Exactly as they appear, output all of the records. Skip any images.

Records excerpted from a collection
■ ■ ■
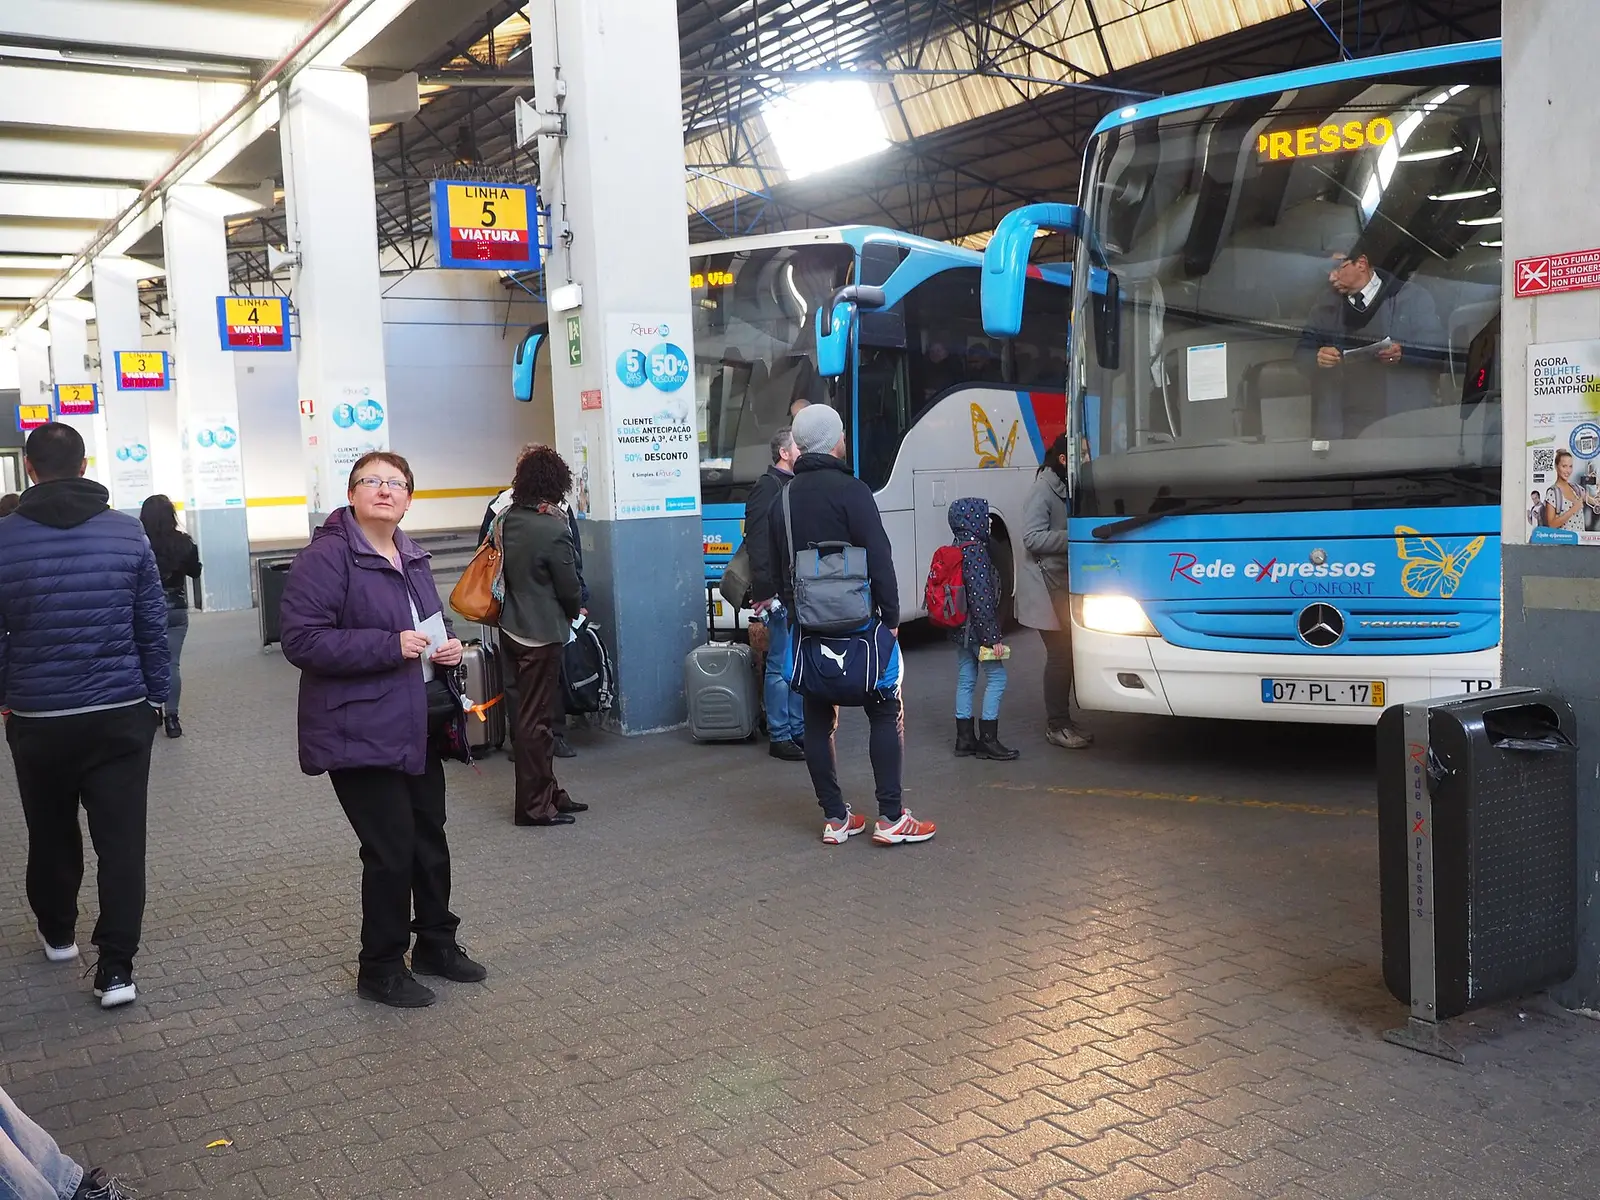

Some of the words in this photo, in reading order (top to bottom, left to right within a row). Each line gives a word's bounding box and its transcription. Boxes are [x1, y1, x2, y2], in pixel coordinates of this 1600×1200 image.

[465, 187, 509, 199] LINHA
[480, 201, 497, 228] 5
[458, 228, 520, 242] VIATURA
[1551, 257, 1569, 267] NÃO
[707, 271, 733, 286] Via
[1551, 269, 1563, 277] NO
[1551, 279, 1569, 287] NON
[237, 299, 269, 307] LINHA
[247, 307, 260, 324] 4
[233, 325, 278, 334] VIATURA
[137, 359, 146, 371] 3
[626, 351, 640, 373] 5
[651, 353, 688, 377] 50%
[1533, 357, 1569, 368] AGORA
[1533, 368, 1542, 377] O
[1543, 365, 1581, 376] BILHETE
[1534, 374, 1556, 387] ESTÁ
[1557, 376, 1573, 385] NO
[1575, 374, 1594, 384] SEU
[72, 390, 80, 400] 2
[1533, 383, 1600, 396] SMARTPHONE
[32, 409, 36, 418] 1
[622, 417, 653, 426] CLIENTE
[617, 427, 622, 435] 5
[623, 427, 640, 435] DIAS
[642, 424, 691, 434] ANTECIPAÇÃO
[617, 435, 650, 444] VIAGENS
[678, 434, 683, 442] E
[624, 453, 643, 462] 50%
[644, 452, 689, 461] DESCONTO
[1168, 552, 1236, 584] Rede
[1289, 579, 1376, 597] CONFORT
[1360, 620, 1461, 629] TOURISMO
■ ■ ■
**Your response:**
Some of the words in this photo, in reading order (top to bottom, left to right within a row). Each line gives a word's bounding box and its transcription. Boxes are [x1, y1, x2, y2], in pixel coordinates of this 1600×1200 image.

[465, 187, 509, 199] LINHA
[480, 201, 497, 228] 5
[458, 228, 520, 242] VIATURA
[1551, 257, 1569, 267] NÃO
[707, 271, 733, 286] Via
[1551, 269, 1563, 277] NO
[1551, 279, 1569, 287] NON
[237, 299, 269, 307] LINHA
[247, 307, 260, 324] 4
[233, 325, 278, 334] VIATURA
[137, 359, 146, 371] 3
[626, 351, 640, 373] 5
[651, 353, 688, 377] 50%
[1533, 357, 1569, 368] AGORA
[1533, 368, 1542, 377] O
[1543, 365, 1581, 376] BILHETE
[1534, 374, 1556, 387] ESTÁ
[1557, 376, 1573, 385] NO
[1575, 374, 1594, 384] SEU
[72, 390, 80, 400] 2
[1533, 383, 1600, 396] SMARTPHONE
[32, 409, 36, 418] 1
[622, 417, 653, 426] CLIENTE
[617, 427, 622, 435] 5
[623, 427, 640, 435] DIAS
[642, 424, 691, 434] ANTECIPAÇÃO
[617, 435, 650, 444] VIAGENS
[678, 434, 683, 442] E
[624, 453, 643, 462] 50%
[644, 452, 689, 461] DESCONTO
[1168, 552, 1236, 584] Rede
[1289, 579, 1376, 597] CONFORT
[1360, 620, 1461, 629] TOURISMO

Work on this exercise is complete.